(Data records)
────────────────────────────────────────
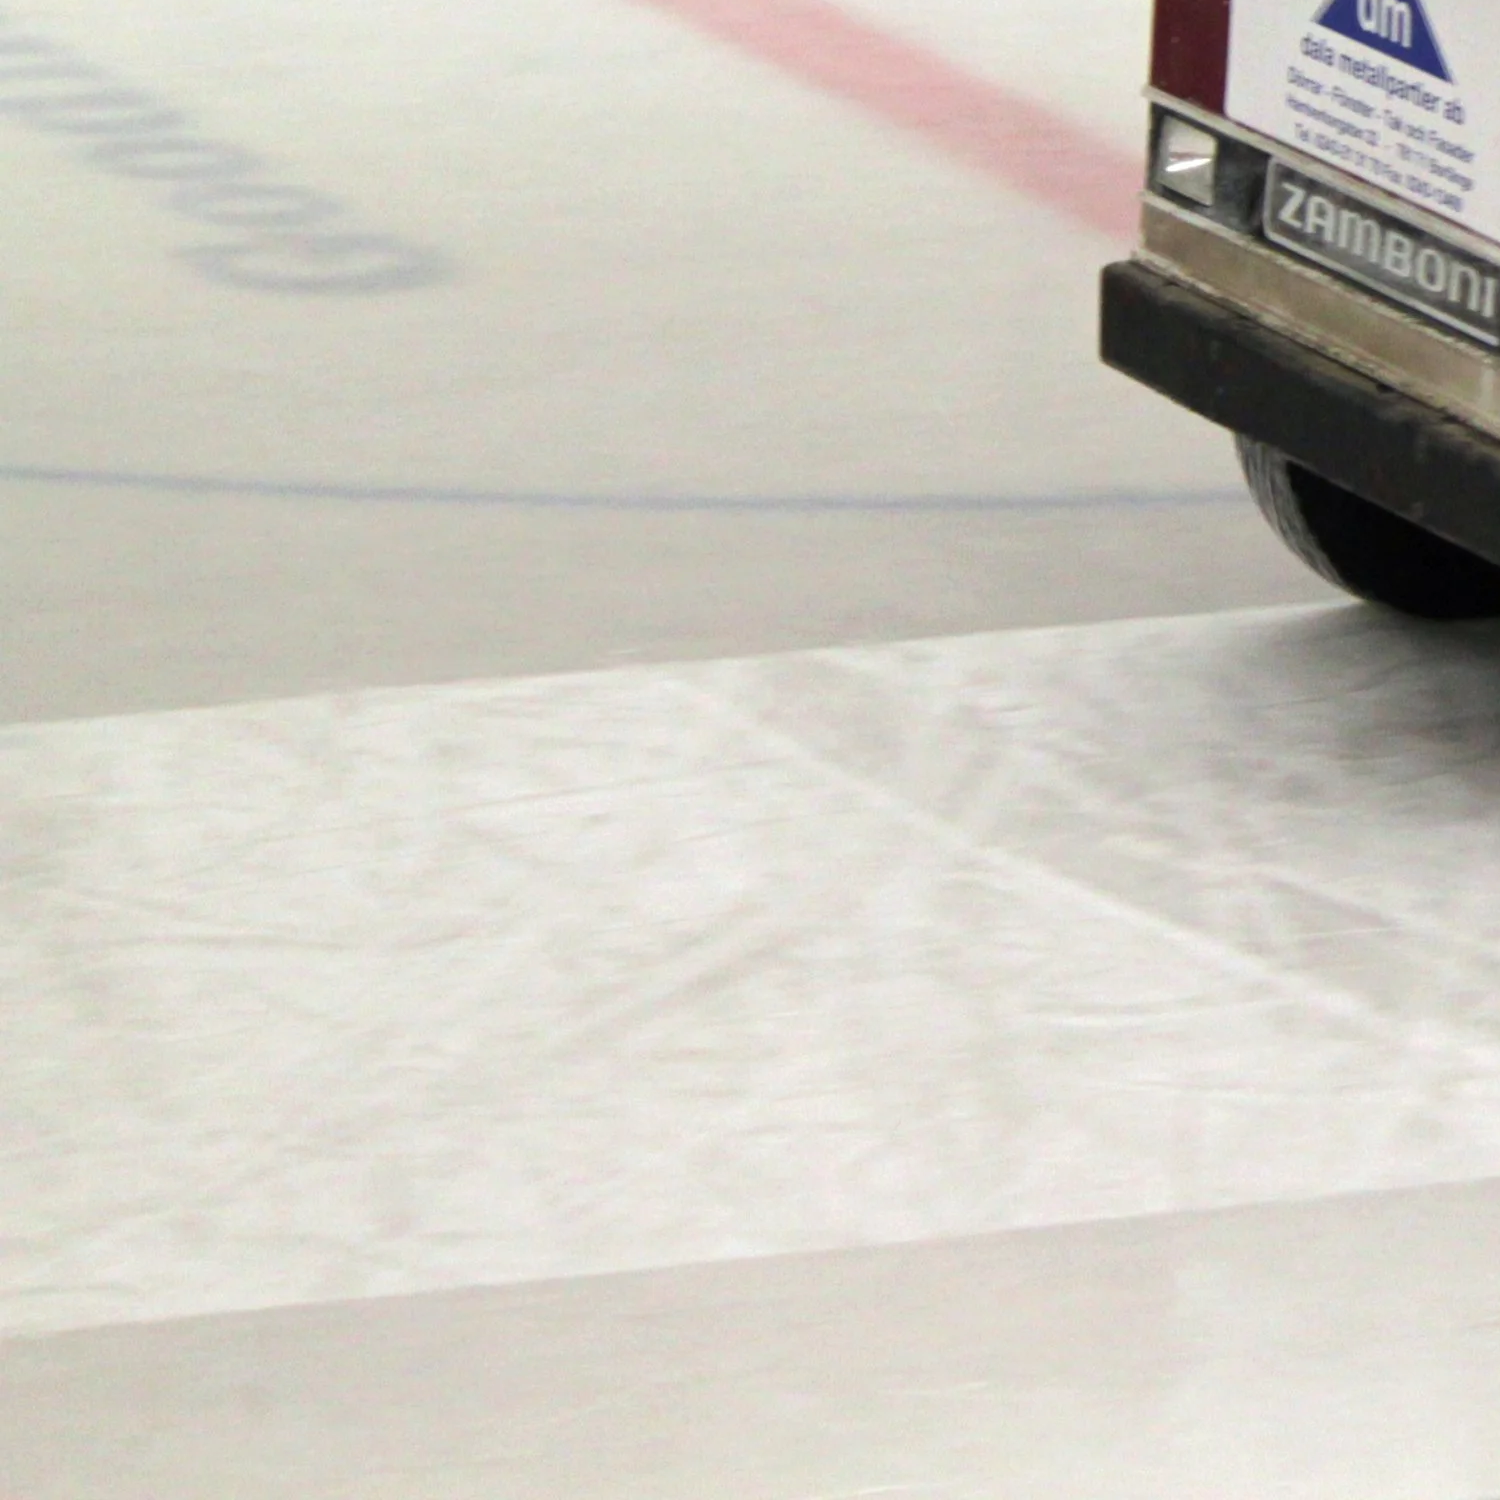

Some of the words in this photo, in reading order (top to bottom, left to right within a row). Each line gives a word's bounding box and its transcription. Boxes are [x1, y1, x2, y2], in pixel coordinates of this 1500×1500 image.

[1300, 32, 1335, 67] dala
[1338, 53, 1441, 112] metallpartier
[1443, 96, 1465, 125] ab
[1277, 182, 1500, 319] ZAMBONI
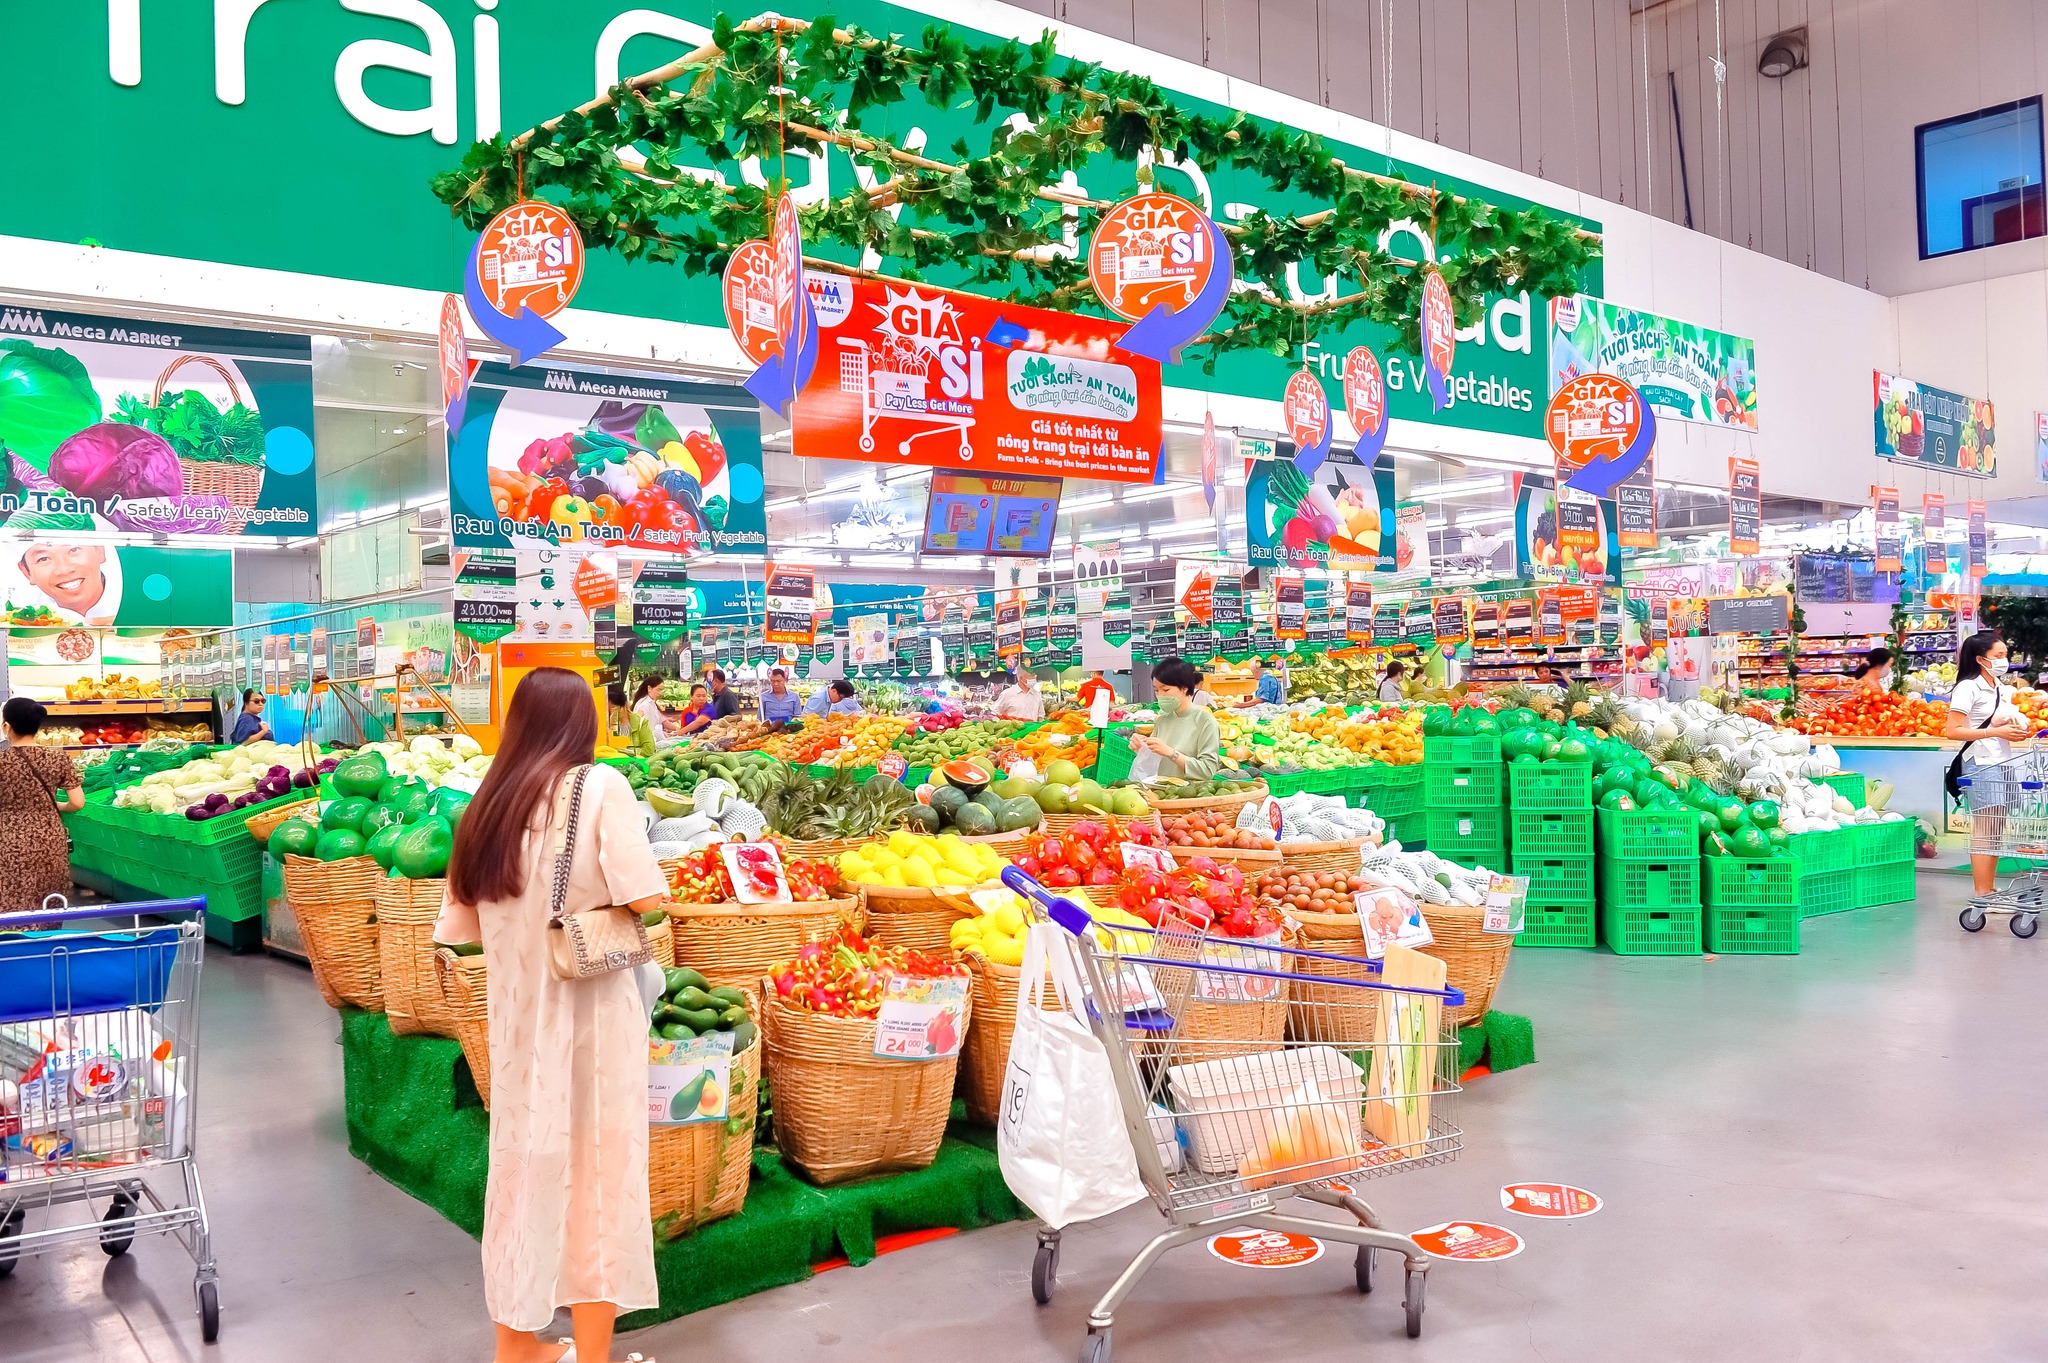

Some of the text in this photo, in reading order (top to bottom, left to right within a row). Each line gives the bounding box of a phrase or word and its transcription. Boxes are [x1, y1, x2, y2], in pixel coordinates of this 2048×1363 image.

[750, 254, 772, 278] GI
[1163, 266, 1195, 275] Get More
[51, 322, 183, 348] Mega Market
[1673, 340, 1689, 359] AN
[579, 382, 669, 400] Mega Market
[1086, 377, 1103, 391] AN
[1106, 382, 1136, 407] TOÀN
[1387, 358, 1405, 391] &
[1409, 359, 1533, 413] Vgetables
[885, 393, 974, 415] Pay Less Get More
[1031, 420, 1052, 435] Giá
[1054, 420, 1073, 437] tốt
[1075, 424, 1103, 440] nhất
[997, 433, 1030, 453] nông
[1032, 438, 1066, 456] trang
[1068, 441, 1090, 459] trại
[1111, 445, 1134, 460] bàn
[1136, 447, 1150, 461] ăn
[1240, 448, 1254, 456] EXIT
[997, 453, 1016, 463] Farm
[1016, 455, 1024, 463] to
[1025, 456, 1040, 465] Folk
[1044, 458, 1063, 468] Bring
[1063, 459, 1075, 468] the
[1075, 460, 1090, 469] best
[1090, 461, 1110, 471] prices
[1109, 462, 1117, 471] in
[1117, 463, 1128, 472] the
[1128, 464, 1151, 474] market
[29, 491, 96, 514] Toàn
[104, 495, 122, 516] /
[127, 503, 180, 522] Safety
[184, 505, 231, 525] Leafy
[233, 507, 310, 524] Vegetable
[453, 513, 766, 546] Rau Quả An Toàn / Safety Fruit Vegetable
[1252, 545, 1272, 559] Rau
[1290, 548, 1304, 560] An
[1306, 549, 1330, 561] Toàn
[1663, 578, 1701, 598] Cây
[461, 603, 498, 617] 23.000
[1669, 611, 1708, 633] JUICE
[1489, 917, 1502, 928] 59
[885, 1038, 906, 1053] 24
[145, 1101, 164, 1113] Gft
[1261, 1254, 1305, 1265] MCARD
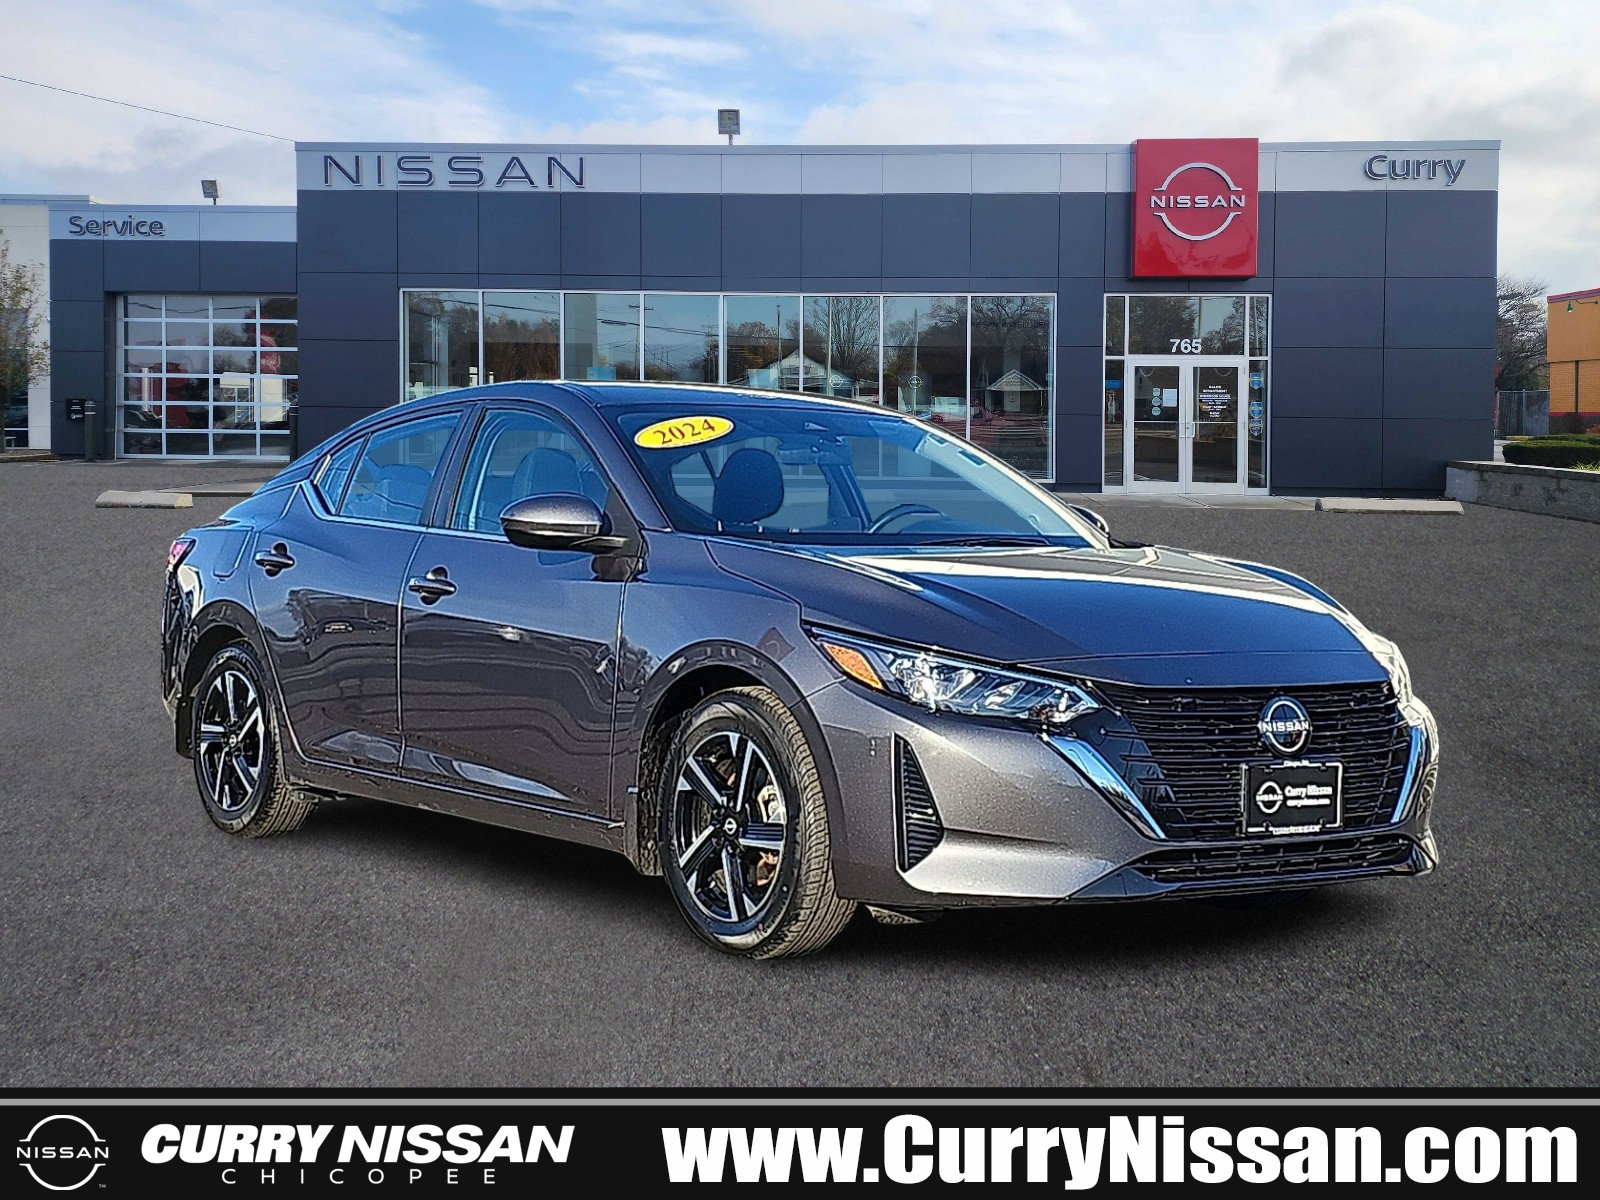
────────────────────────────────────────
### What the task requires
What is needed is an exact repeat of the records, with every picture left out.

### Expected answer
Some of the words in this photo, in reading order (top to bottom, left to right within a row). Each line gives a word's bounding box and its transcription. Boxes are [x1, y1, x2, y2], in pixel coordinates of this 1500×1500 image.

[1300, 32, 1335, 67] dala
[1338, 53, 1441, 112] metallpartier
[1443, 96, 1465, 125] ab
[1277, 182, 1500, 319] ZAMBONI

Some of the text in this photo, in reading order (top to bottom, left to right within a row). Each line gives the bounding box of a phrase or word and its transcription. Boxes are [x1, y1, x2, y2], in pixel coordinates of this 2048×1363 image.

[750, 254, 772, 278] GI
[1163, 266, 1195, 275] Get More
[51, 322, 183, 348] Mega Market
[1673, 340, 1689, 359] AN
[579, 382, 669, 400] Mega Market
[1086, 377, 1103, 391] AN
[1106, 382, 1136, 407] TOÀN
[1387, 358, 1405, 391] &
[1409, 359, 1533, 413] Vgetables
[885, 393, 974, 415] Pay Less Get More
[1031, 420, 1052, 435] Giá
[1054, 420, 1073, 437] tốt
[1075, 424, 1103, 440] nhất
[997, 433, 1030, 453] nông
[1032, 438, 1066, 456] trang
[1068, 441, 1090, 459] trại
[1111, 445, 1134, 460] bàn
[1136, 447, 1150, 461] ăn
[1240, 448, 1254, 456] EXIT
[997, 453, 1016, 463] Farm
[1016, 455, 1024, 463] to
[1025, 456, 1040, 465] Folk
[1044, 458, 1063, 468] Bring
[1063, 459, 1075, 468] the
[1075, 460, 1090, 469] best
[1090, 461, 1110, 471] prices
[1109, 462, 1117, 471] in
[1117, 463, 1128, 472] the
[1128, 464, 1151, 474] market
[29, 491, 96, 514] Toàn
[104, 495, 122, 516] /
[127, 503, 180, 522] Safety
[184, 505, 231, 525] Leafy
[233, 507, 310, 524] Vegetable
[453, 513, 766, 546] Rau Quả An Toàn / Safety Fruit Vegetable
[1252, 545, 1272, 559] Rau
[1290, 548, 1304, 560] An
[1306, 549, 1330, 561] Toàn
[1663, 578, 1701, 598] Cây
[461, 603, 498, 617] 23.000
[1669, 611, 1708, 633] JUICE
[1489, 917, 1502, 928] 59
[885, 1038, 906, 1053] 24
[145, 1101, 164, 1113] Gft
[1261, 1254, 1305, 1265] MCARD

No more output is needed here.